Top of SUPPLIED ENTRIES

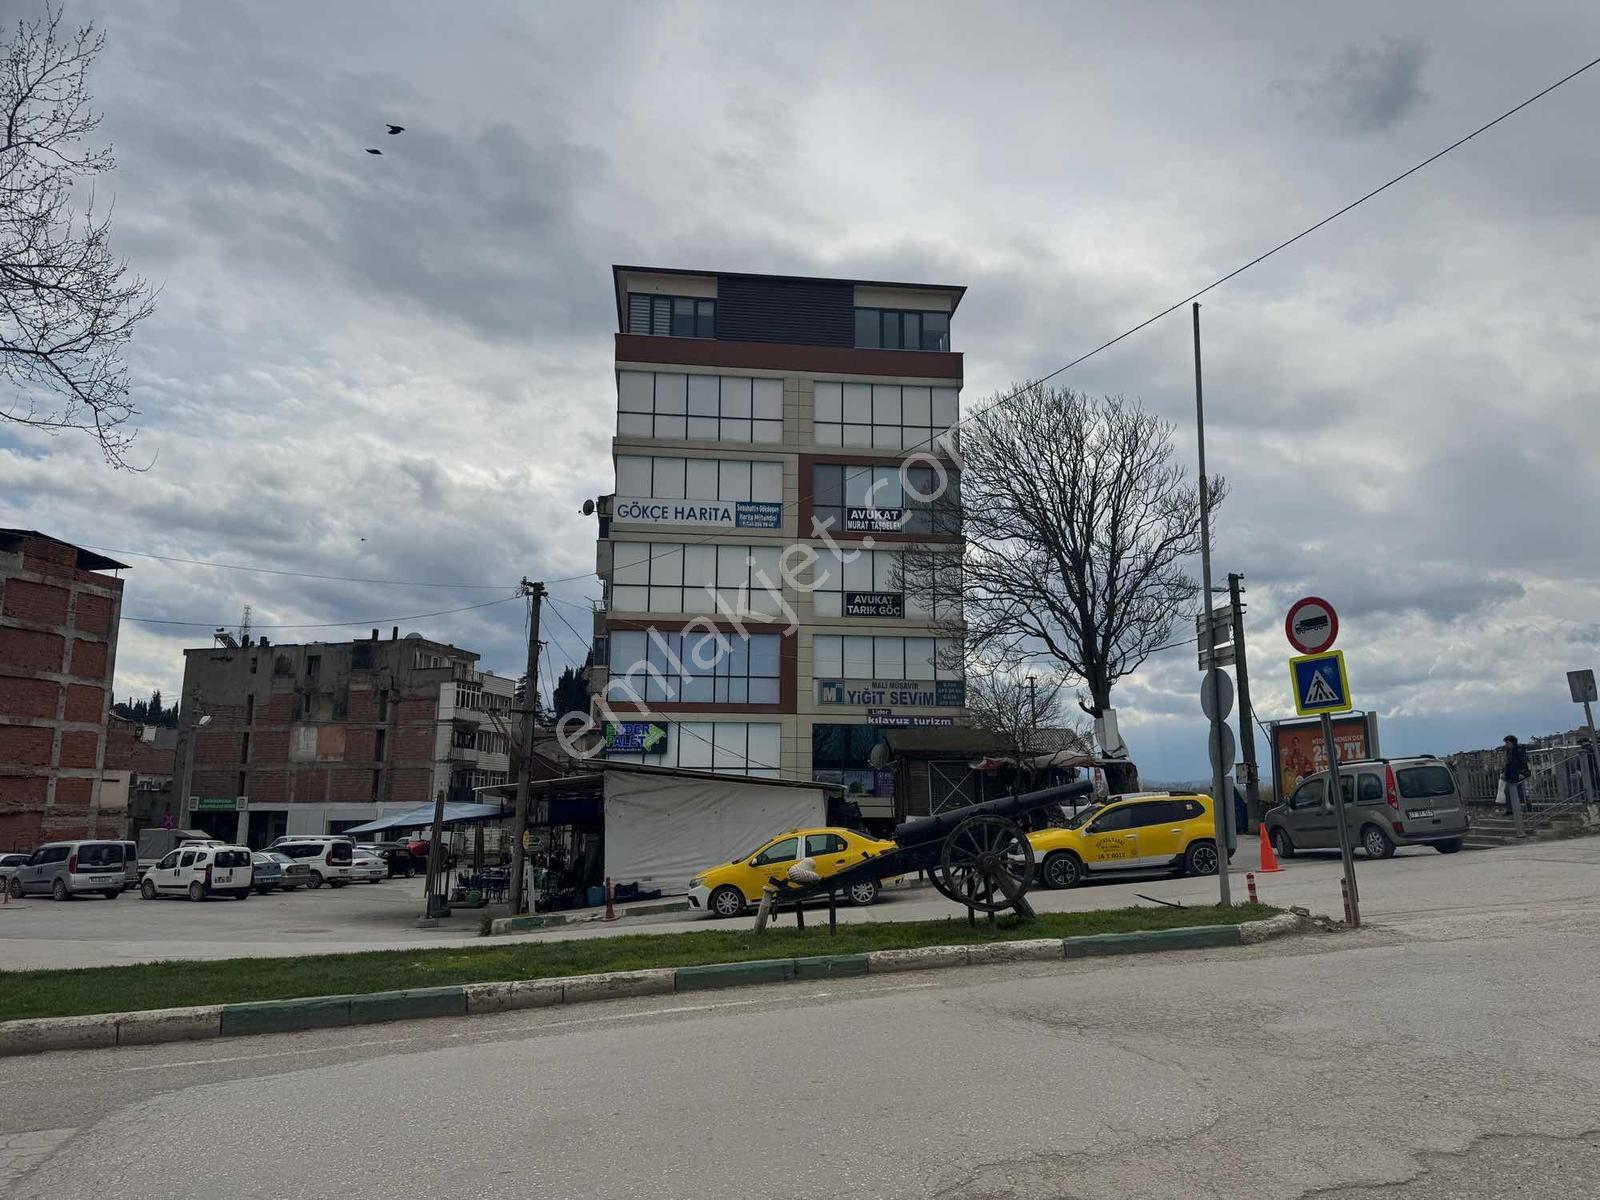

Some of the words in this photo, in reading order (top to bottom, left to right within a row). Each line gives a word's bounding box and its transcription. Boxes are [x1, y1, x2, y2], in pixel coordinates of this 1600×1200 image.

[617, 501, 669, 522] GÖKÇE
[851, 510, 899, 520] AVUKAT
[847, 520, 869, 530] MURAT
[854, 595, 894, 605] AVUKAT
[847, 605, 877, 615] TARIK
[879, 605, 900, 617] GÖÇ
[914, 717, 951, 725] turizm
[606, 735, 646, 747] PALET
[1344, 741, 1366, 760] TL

Bottom of SUPPLIED ENTRIES

▸ **WHAT TO PRODUCE**:
Every line in the records is to be retyped exactly as it stands; the pictures stay out.

▸ **WRITTEN REPLY**:
Some of the words in this photo, in reading order (top to bottom, left to right within a row). Each line gives a word's bounding box and its transcription. Boxes are [x1, y1, x2, y2], in pixel coordinates of this 1600×1200 image.

[617, 501, 669, 522] GÖKÇE
[851, 510, 899, 520] AVUKAT
[847, 520, 869, 530] MURAT
[854, 595, 894, 605] AVUKAT
[847, 605, 877, 615] TARIK
[879, 605, 900, 617] GÖÇ
[914, 717, 951, 725] turizm
[606, 735, 646, 747] PALET
[1344, 741, 1366, 760] TL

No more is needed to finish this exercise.